SUPPLIED DATA Start Marker

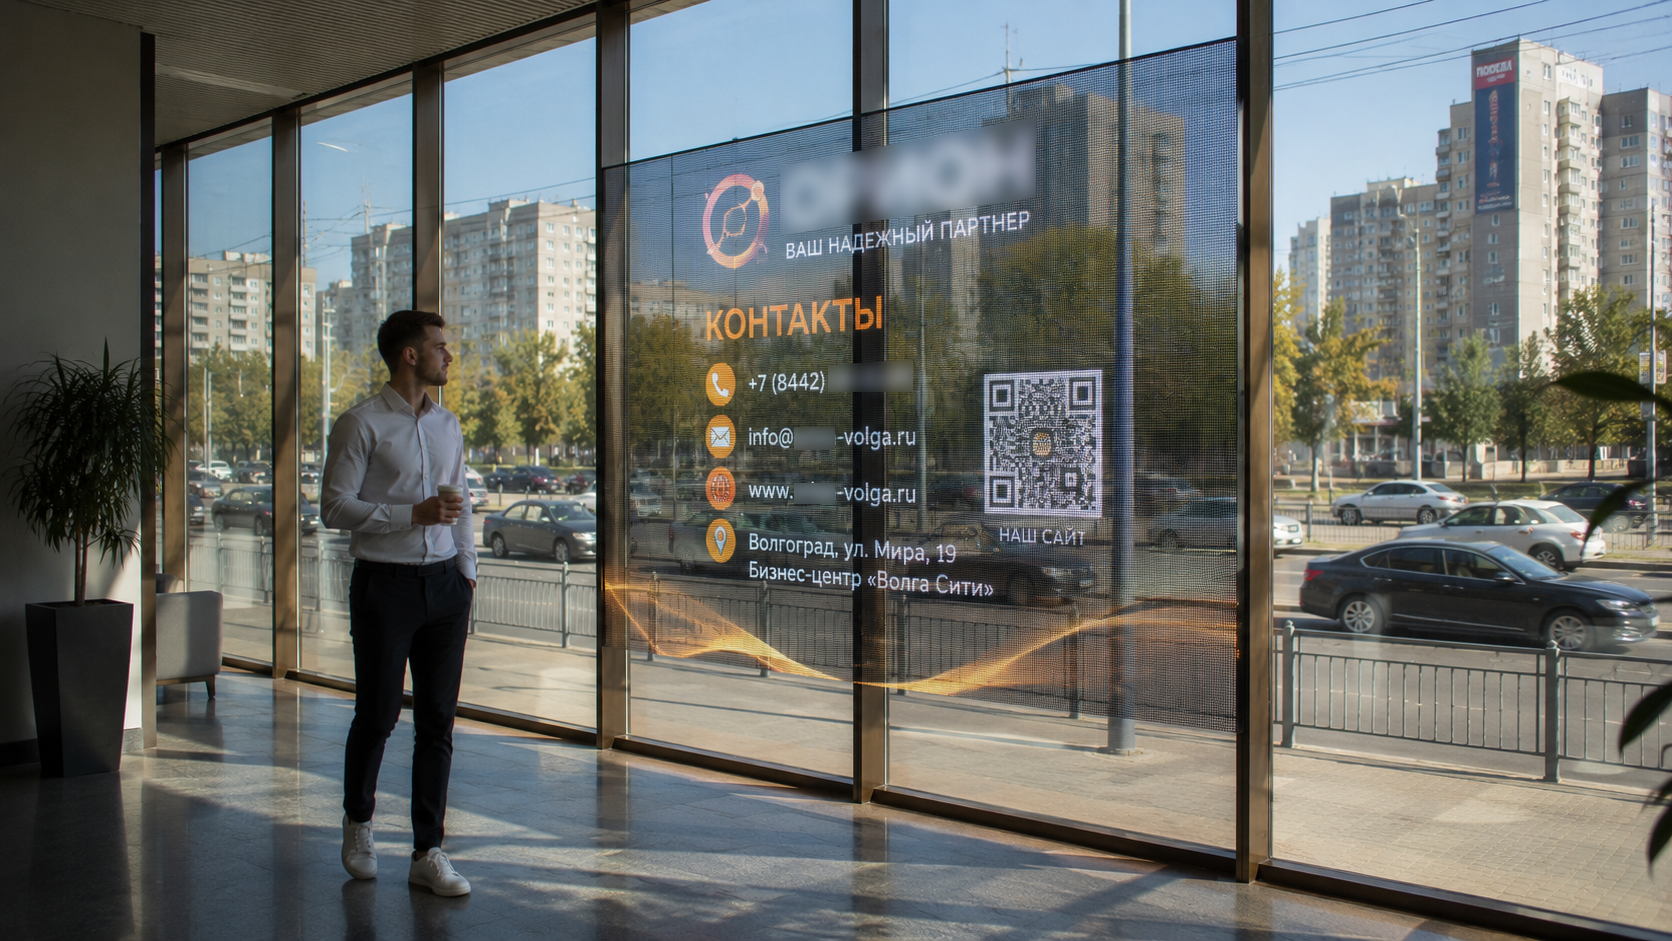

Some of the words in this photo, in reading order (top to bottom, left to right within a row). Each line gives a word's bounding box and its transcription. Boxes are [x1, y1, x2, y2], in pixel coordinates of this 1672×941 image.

[786, 239, 822, 260] ВАШ
[829, 219, 934, 254] НАДЕЖНЫЙ
[940, 210, 1030, 240] ПАРТНЕР
[706, 295, 883, 341] КОНТАКТЫ
[748, 374, 767, 392] +7
[771, 371, 826, 395] (8442)
[748, 425, 916, 451] info@-volga.ru
[748, 482, 916, 507] www.-volga.ru
[748, 532, 839, 559] Волгоград,
[843, 542, 868, 562] ул.
[874, 539, 931, 565] Мира,
[936, 544, 957, 564] 19
[999, 526, 1037, 543] НАШ
[1042, 525, 1086, 546] САЙТ
[748, 561, 862, 591] Бизнес-центр
[867, 570, 929, 593] «Волга
[935, 573, 994, 597] Сити»

SUPPLIED DATA End Marker

TASK DESCRIPTION. Return the records verbatim, minus pictures.

PROBLEM SOLUTION.
Some of the words in this photo, in reading order (top to bottom, left to right within a row). Each line gives a word's bounding box and its transcription. Boxes are [x1, y1, x2, y2], in pixel coordinates of this 1672×941 image.

[786, 239, 822, 260] ВАШ
[829, 219, 934, 254] НАДЕЖНЫЙ
[940, 210, 1030, 240] ПАРТНЕР
[706, 295, 883, 341] КОНТАКТЫ
[748, 374, 767, 392] +7
[771, 371, 826, 395] (8442)
[748, 425, 916, 451] info@-volga.ru
[748, 482, 916, 507] www.-volga.ru
[748, 532, 839, 559] Волгоград,
[843, 542, 868, 562] ул.
[874, 539, 931, 565] Мира,
[936, 544, 957, 564] 19
[999, 526, 1037, 543] НАШ
[1042, 525, 1086, 546] САЙТ
[748, 561, 862, 591] Бизнес-центр
[867, 570, 929, 593] «Волга
[935, 573, 994, 597] Сити»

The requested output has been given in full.